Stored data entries
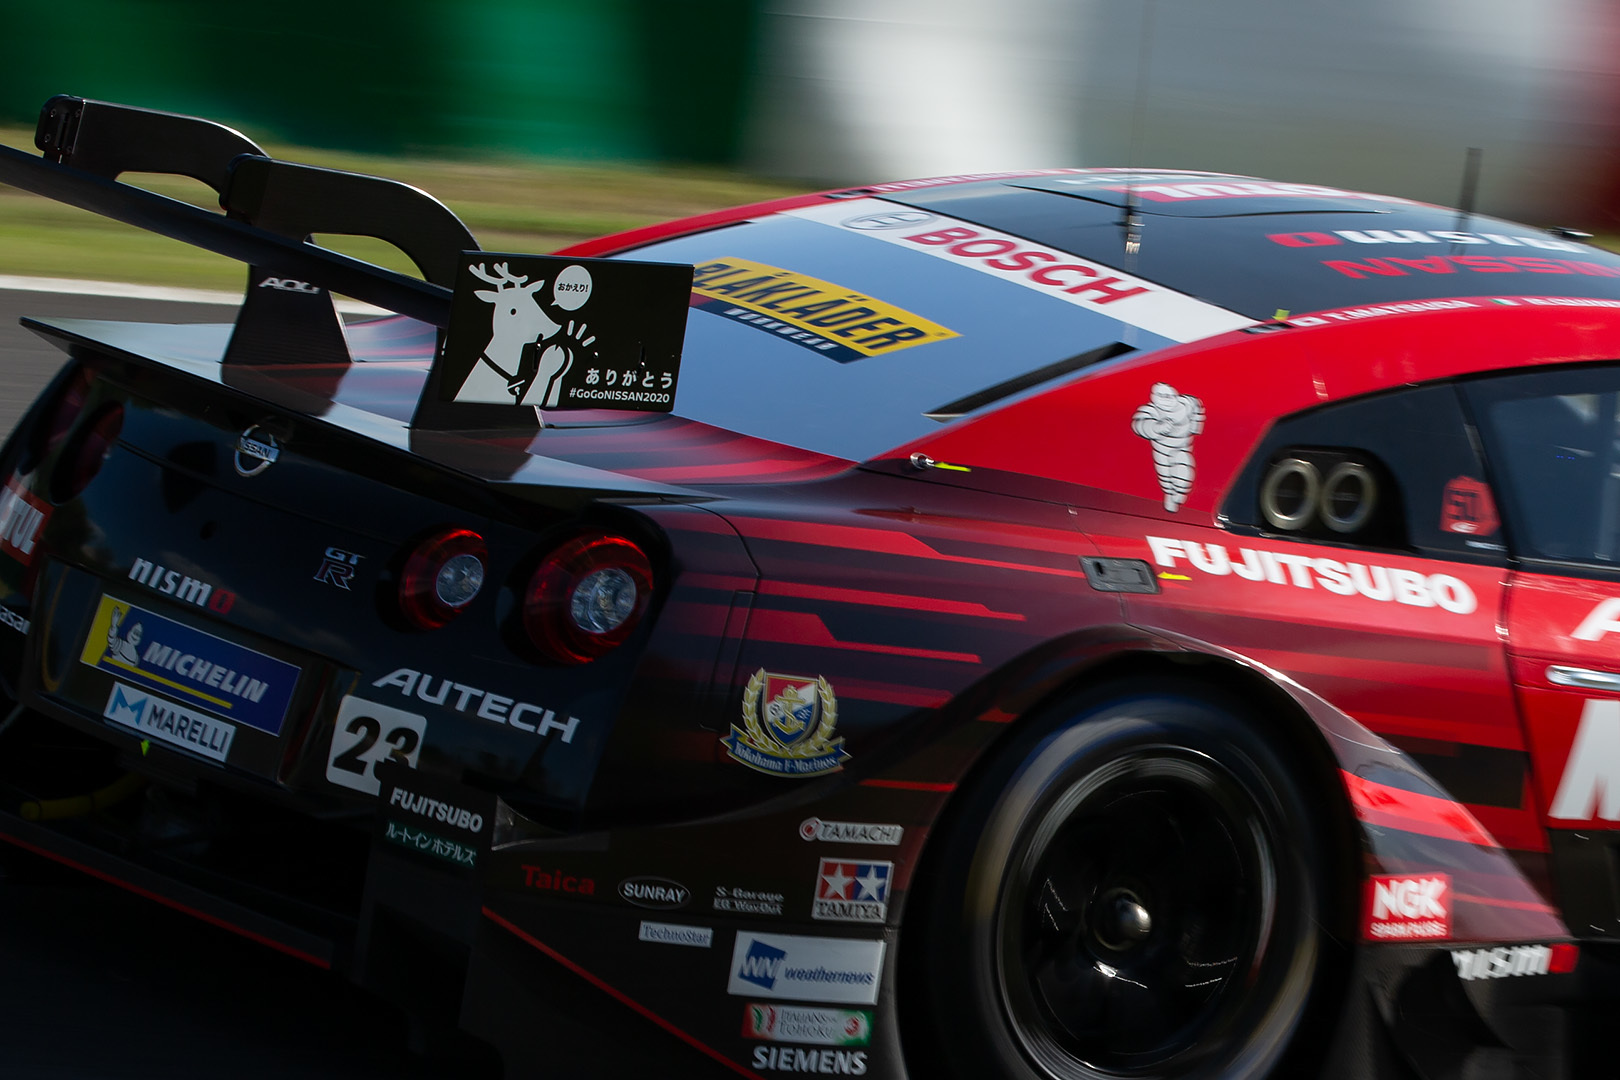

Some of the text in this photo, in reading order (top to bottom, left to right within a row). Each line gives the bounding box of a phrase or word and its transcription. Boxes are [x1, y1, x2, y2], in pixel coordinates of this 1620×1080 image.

[900, 226, 1151, 305] BOSCH
[557, 283, 589, 293] おかえり!
[585, 367, 673, 389] ありがとう
[569, 387, 670, 403] #GoGoNISSAN2020
[324, 546, 366, 564] GT
[128, 557, 236, 615] nismo
[313, 559, 355, 591] R
[1146, 535, 1477, 615] FUJITSUBO
[142, 640, 270, 704] MICHELIN
[371, 667, 581, 744] AUTECH
[147, 703, 230, 753] MARELLI
[333, 716, 420, 775] 23
[389, 786, 484, 833] FUJITSUBO
[822, 822, 897, 842] TAMACHI
[521, 864, 595, 896] Taica
[623, 881, 686, 904] SUNRAY
[816, 902, 882, 918] TAMIYA
[1372, 878, 1448, 920] NGK
[643, 925, 709, 944] TechnoStar
[785, 965, 874, 985] weathernews
[752, 1045, 868, 1076] SIEMENS

TASK GOAL:
Reproduce each line of the records exactly and exclude any images.

TASK ANSWER:
Some of the text in this photo, in reading order (top to bottom, left to right within a row). Each line gives the bounding box of a phrase or word and its transcription. Boxes are [x1, y1, x2, y2], in pixel coordinates of this 1620×1080 image.

[900, 226, 1151, 305] BOSCH
[557, 283, 589, 293] おかえり!
[585, 367, 673, 389] ありがとう
[569, 387, 670, 403] #GoGoNISSAN2020
[324, 546, 366, 564] GT
[128, 557, 236, 615] nismo
[313, 559, 355, 591] R
[1146, 535, 1477, 615] FUJITSUBO
[142, 640, 270, 704] MICHELIN
[371, 667, 581, 744] AUTECH
[147, 703, 230, 753] MARELLI
[333, 716, 420, 775] 23
[389, 786, 484, 833] FUJITSUBO
[822, 822, 897, 842] TAMACHI
[521, 864, 595, 896] Taica
[623, 881, 686, 904] SUNRAY
[816, 902, 882, 918] TAMIYA
[1372, 878, 1448, 920] NGK
[643, 925, 709, 944] TechnoStar
[785, 965, 874, 985] weathernews
[752, 1045, 868, 1076] SIEMENS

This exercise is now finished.